The powerful story of a father’s past and a son’s future.

Atlantic senior writer Coates (The Beautiful Struggle: A Father, Two Sons, and an Unlikely Road to Manhood, 2008) offers this eloquent memoir as a letter to his teenage son, bearing witness to his own experiences and conveying passionate hopes for his son’s life. “I am wounded,” he writes. “I am marked by old codes, which shielded me in one world and then chained me in the next.” Coates grew up in the tough neighborhood of West Baltimore, beaten into obedience by his father. “I was a capable boy, intelligent and well-liked,” he remembers, “but powerfully afraid.” His life changed dramatically at Howard University, where his father taught and from which several siblings graduated.
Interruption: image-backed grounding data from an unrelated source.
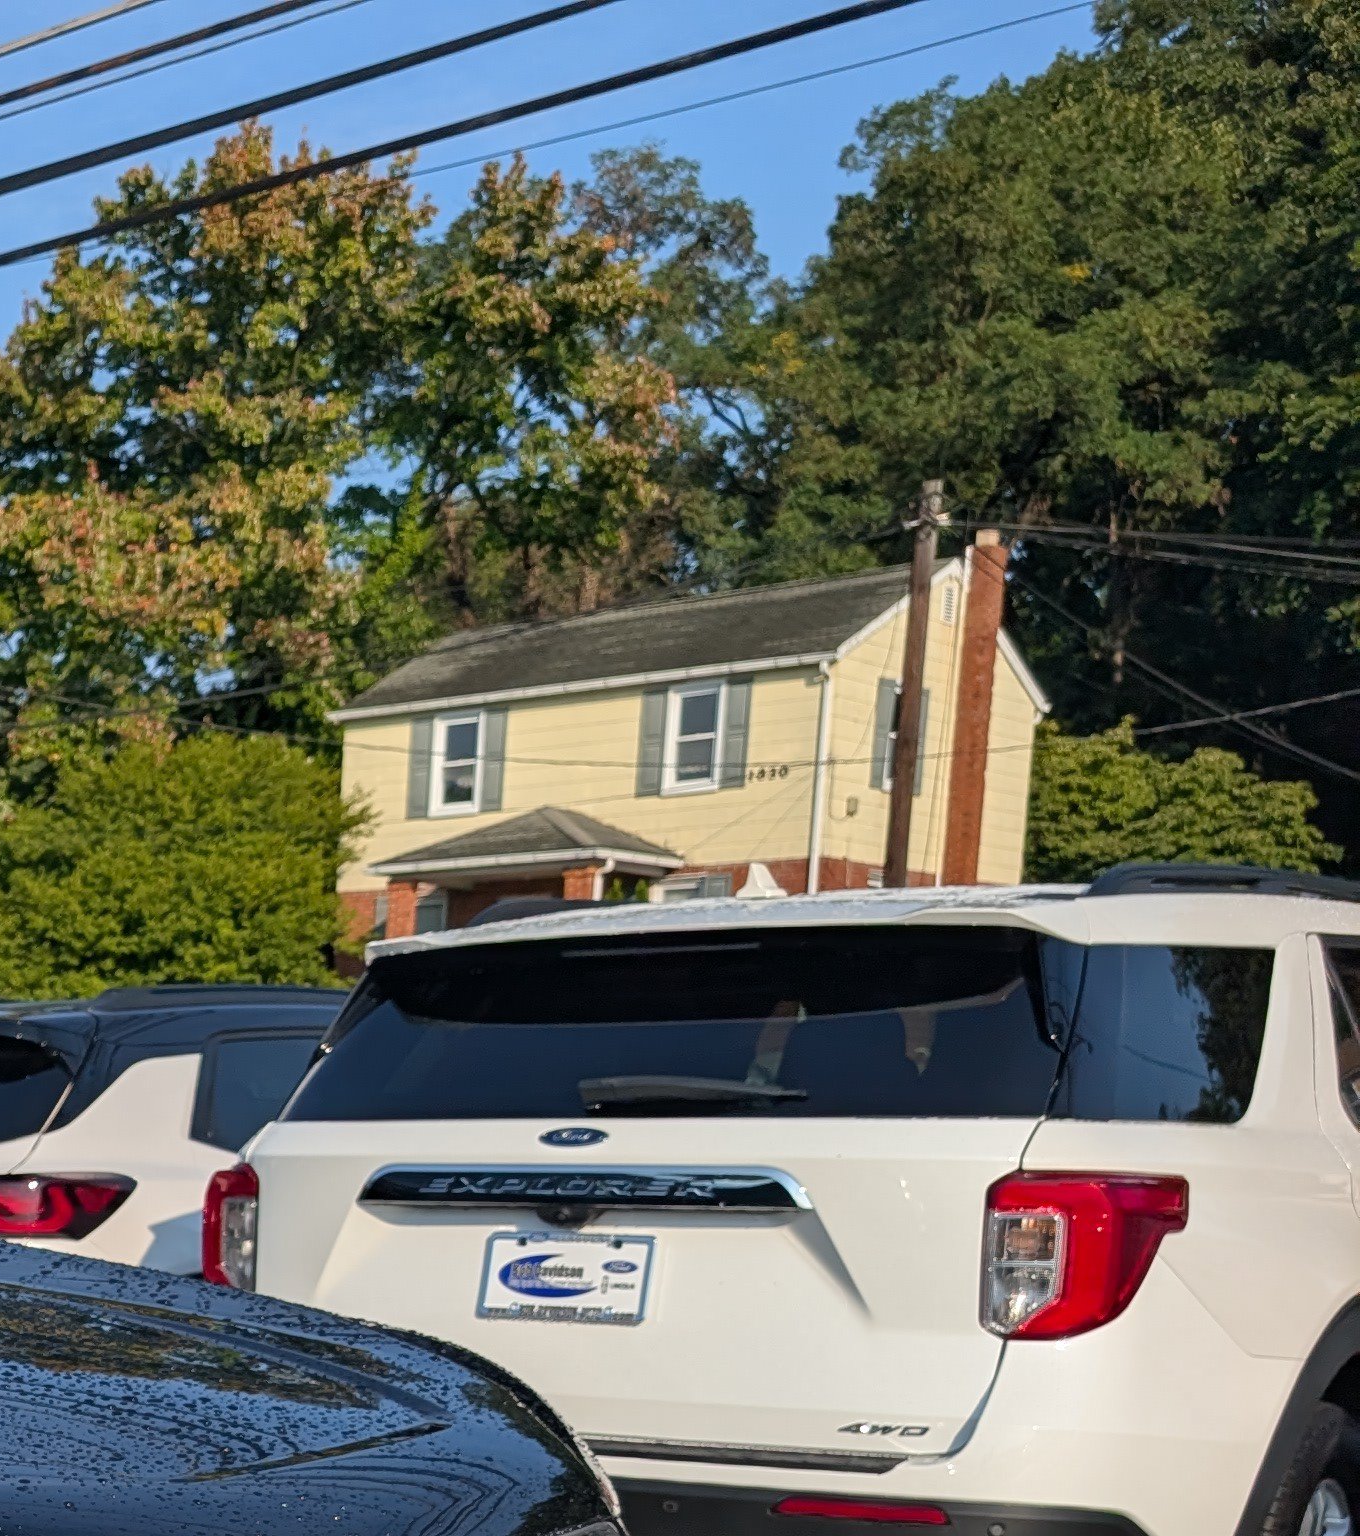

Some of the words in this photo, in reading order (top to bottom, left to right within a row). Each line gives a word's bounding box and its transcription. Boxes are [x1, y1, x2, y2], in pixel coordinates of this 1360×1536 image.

[552, 1129, 592, 1143] Ford
[418, 1175, 717, 1199] EXPLORER
[837, 1422, 930, 1437] 4WD
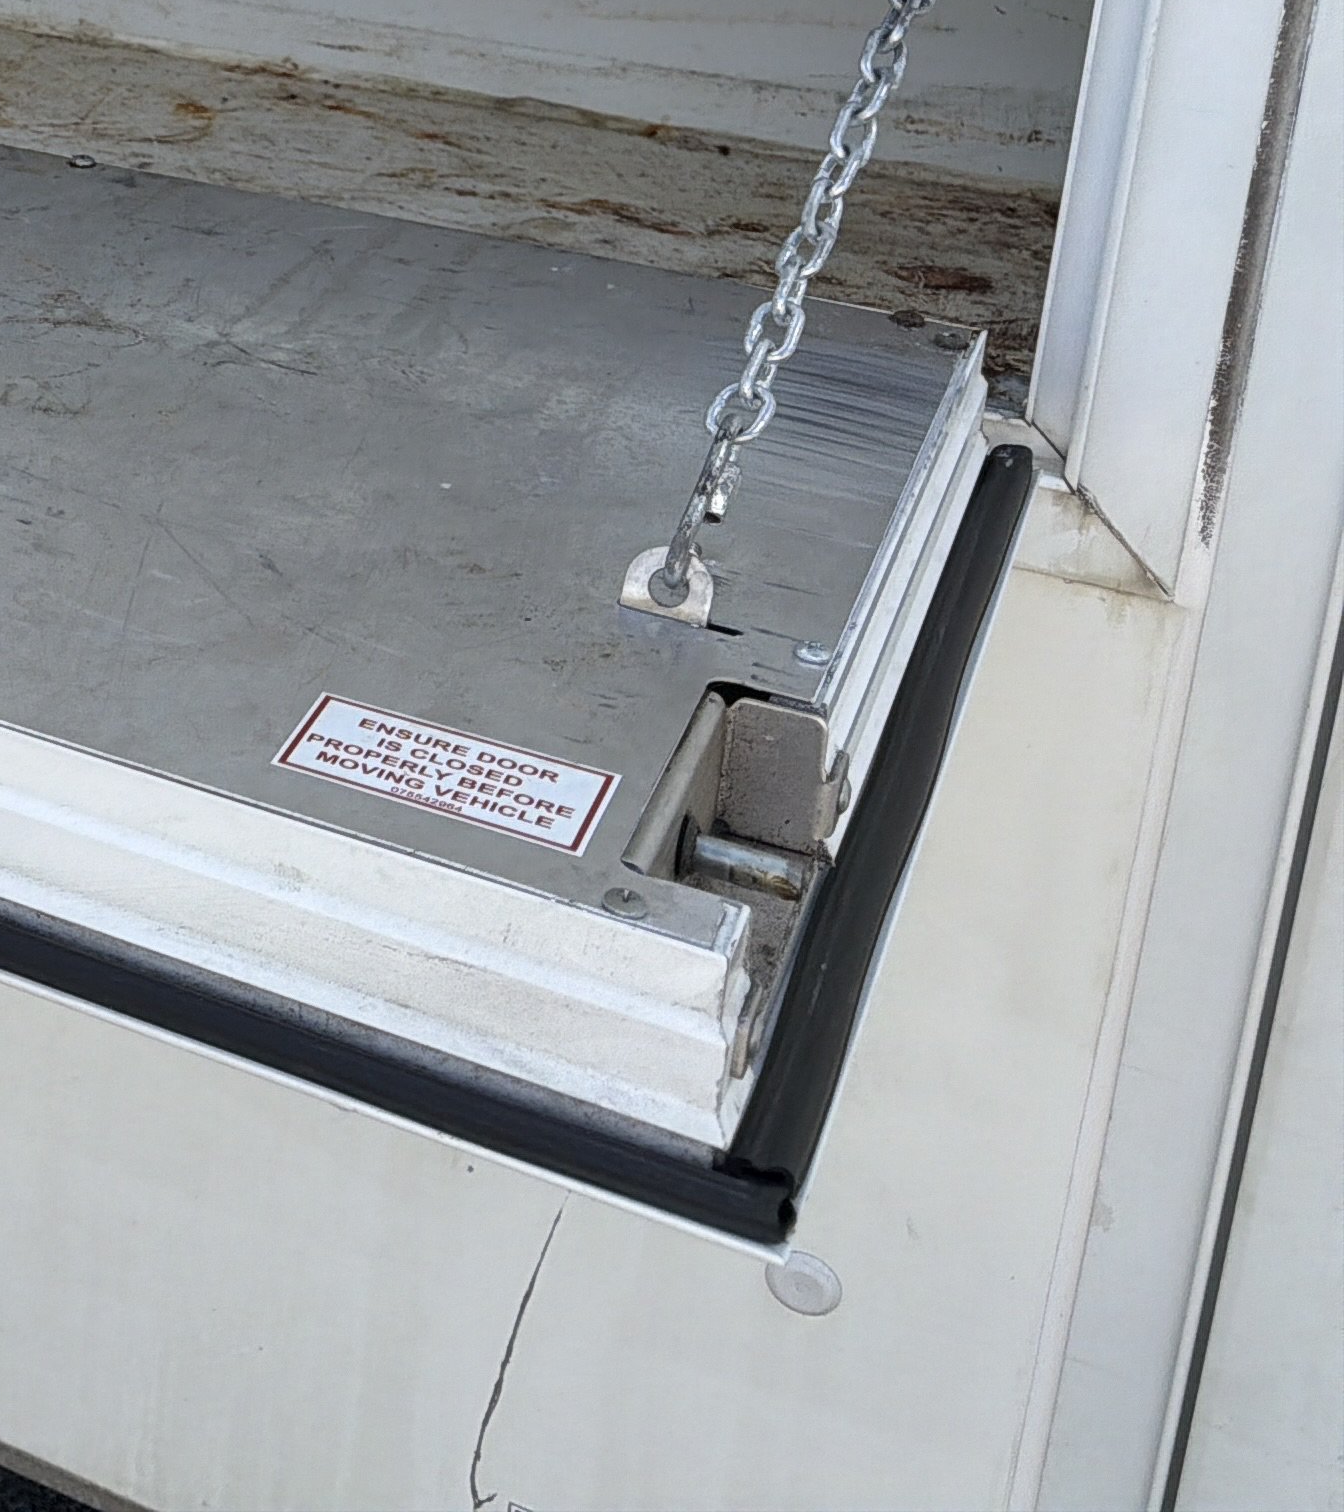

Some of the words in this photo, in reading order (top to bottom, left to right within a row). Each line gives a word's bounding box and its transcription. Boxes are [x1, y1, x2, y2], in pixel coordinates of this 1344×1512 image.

[306, 732, 453, 781] PROPERLY
[457, 776, 576, 819] BEFORE
[358, 717, 471, 757] ENSURE
[476, 751, 560, 783] DOOR
[377, 738, 403, 752] IS
[410, 748, 523, 787] CLOSED
[315, 750, 426, 790] MOVING
[434, 785, 556, 829] VEHICLE
Howard, he writes, “had always been one of the most critical gathering posts for black people.” He calls it The Mecca, and its faculty and his fellow students expanded his horizons, helping him to understand “that the black world was its own thing, more than a photo-negative of the people who believe they are white.” Coates refers repeatedly to whites’ insistence on their exclusive racial identity; he realizes now “that nothing so essentialist as race” divides people, but rather “the actual injury done by people intent on naming us, intent on believing that what they have named matters more than anything we could ever actually do.” After he married, the author’s world widened again in New York, and later in Paris, where he finally felt extricated from white America’s exploitative, consumerist dreams. He came to understand that “race” does not fully explain “the breach between the world and me,” yet race exerts a crucial force, and young blacks like his son are vulnerable and endangered by “majoritarian bandits.” Coates desperately wants his son to be able to live “apart from fear—even apart from me.”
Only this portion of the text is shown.